▶ **To do**
Without omission or alteration, write out all of the data.

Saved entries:
________________________________________
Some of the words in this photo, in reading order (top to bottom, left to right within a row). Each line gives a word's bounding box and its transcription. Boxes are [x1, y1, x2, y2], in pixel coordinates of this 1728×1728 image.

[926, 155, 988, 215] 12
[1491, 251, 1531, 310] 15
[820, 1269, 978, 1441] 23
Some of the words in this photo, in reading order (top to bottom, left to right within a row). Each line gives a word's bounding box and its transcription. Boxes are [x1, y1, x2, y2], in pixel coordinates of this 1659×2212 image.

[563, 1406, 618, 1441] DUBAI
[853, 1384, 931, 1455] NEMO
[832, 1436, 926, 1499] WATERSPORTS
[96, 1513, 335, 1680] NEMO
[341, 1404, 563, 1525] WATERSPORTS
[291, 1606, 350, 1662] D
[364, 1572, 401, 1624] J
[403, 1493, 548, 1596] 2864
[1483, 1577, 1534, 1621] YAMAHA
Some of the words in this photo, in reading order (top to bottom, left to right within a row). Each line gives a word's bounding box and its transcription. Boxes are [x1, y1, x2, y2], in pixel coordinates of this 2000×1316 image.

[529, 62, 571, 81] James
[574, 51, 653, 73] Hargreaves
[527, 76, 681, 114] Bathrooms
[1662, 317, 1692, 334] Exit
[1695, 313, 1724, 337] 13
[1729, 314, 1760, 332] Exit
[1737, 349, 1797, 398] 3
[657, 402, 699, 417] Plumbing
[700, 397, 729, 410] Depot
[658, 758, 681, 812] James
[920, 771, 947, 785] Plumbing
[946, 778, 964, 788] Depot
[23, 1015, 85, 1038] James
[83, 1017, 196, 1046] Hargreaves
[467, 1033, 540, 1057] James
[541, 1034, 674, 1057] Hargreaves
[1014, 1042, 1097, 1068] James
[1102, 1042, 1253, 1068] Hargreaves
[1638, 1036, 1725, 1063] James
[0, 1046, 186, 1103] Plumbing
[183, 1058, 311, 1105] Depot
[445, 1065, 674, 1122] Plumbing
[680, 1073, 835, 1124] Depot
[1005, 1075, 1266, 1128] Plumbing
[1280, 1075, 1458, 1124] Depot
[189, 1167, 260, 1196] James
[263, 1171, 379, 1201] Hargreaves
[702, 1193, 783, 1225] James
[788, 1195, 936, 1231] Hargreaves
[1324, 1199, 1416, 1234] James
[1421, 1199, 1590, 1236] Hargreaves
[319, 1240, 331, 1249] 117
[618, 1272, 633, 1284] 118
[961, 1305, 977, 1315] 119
________________________________________
▶ **Answer**
Some of the words in this photo, in reading order (top to bottom, left to right within a row). Each line gives a word's bounding box and its transcription. Boxes are [x1, y1, x2, y2], in pixel coordinates of this 1728×1728 image.

[926, 155, 988, 215] 12
[1491, 251, 1531, 310] 15
[820, 1269, 978, 1441] 23
Some of the words in this photo, in reading order (top to bottom, left to right within a row). Each line gives a word's bounding box and its transcription. Boxes are [x1, y1, x2, y2], in pixel coordinates of this 1659×2212 image.

[563, 1406, 618, 1441] DUBAI
[853, 1384, 931, 1455] NEMO
[832, 1436, 926, 1499] WATERSPORTS
[96, 1513, 335, 1680] NEMO
[341, 1404, 563, 1525] WATERSPORTS
[291, 1606, 350, 1662] D
[364, 1572, 401, 1624] J
[403, 1493, 548, 1596] 2864
[1483, 1577, 1534, 1621] YAMAHA
Some of the words in this photo, in reading order (top to bottom, left to right within a row). Each line gives a word's bounding box and its transcription. Boxes are [x1, y1, x2, y2], in pixel coordinates of this 2000×1316 image.

[529, 62, 571, 81] James
[574, 51, 653, 73] Hargreaves
[527, 76, 681, 114] Bathrooms
[1662, 317, 1692, 334] Exit
[1695, 313, 1724, 337] 13
[1729, 314, 1760, 332] Exit
[1737, 349, 1797, 398] 3
[657, 402, 699, 417] Plumbing
[700, 397, 729, 410] Depot
[658, 758, 681, 812] James
[920, 771, 947, 785] Plumbing
[946, 778, 964, 788] Depot
[23, 1015, 85, 1038] James
[83, 1017, 196, 1046] Hargreaves
[467, 1033, 540, 1057] James
[541, 1034, 674, 1057] Hargreaves
[1014, 1042, 1097, 1068] James
[1102, 1042, 1253, 1068] Hargreaves
[1638, 1036, 1725, 1063] James
[0, 1046, 186, 1103] Plumbing
[183, 1058, 311, 1105] Depot
[445, 1065, 674, 1122] Plumbing
[680, 1073, 835, 1124] Depot
[1005, 1075, 1266, 1128] Plumbing
[1280, 1075, 1458, 1124] Depot
[189, 1167, 260, 1196] James
[263, 1171, 379, 1201] Hargreaves
[702, 1193, 783, 1225] James
[788, 1195, 936, 1231] Hargreaves
[1324, 1199, 1416, 1234] James
[1421, 1199, 1590, 1236] Hargreaves
[319, 1240, 331, 1249] 117
[618, 1272, 633, 1284] 118
[961, 1305, 977, 1315] 119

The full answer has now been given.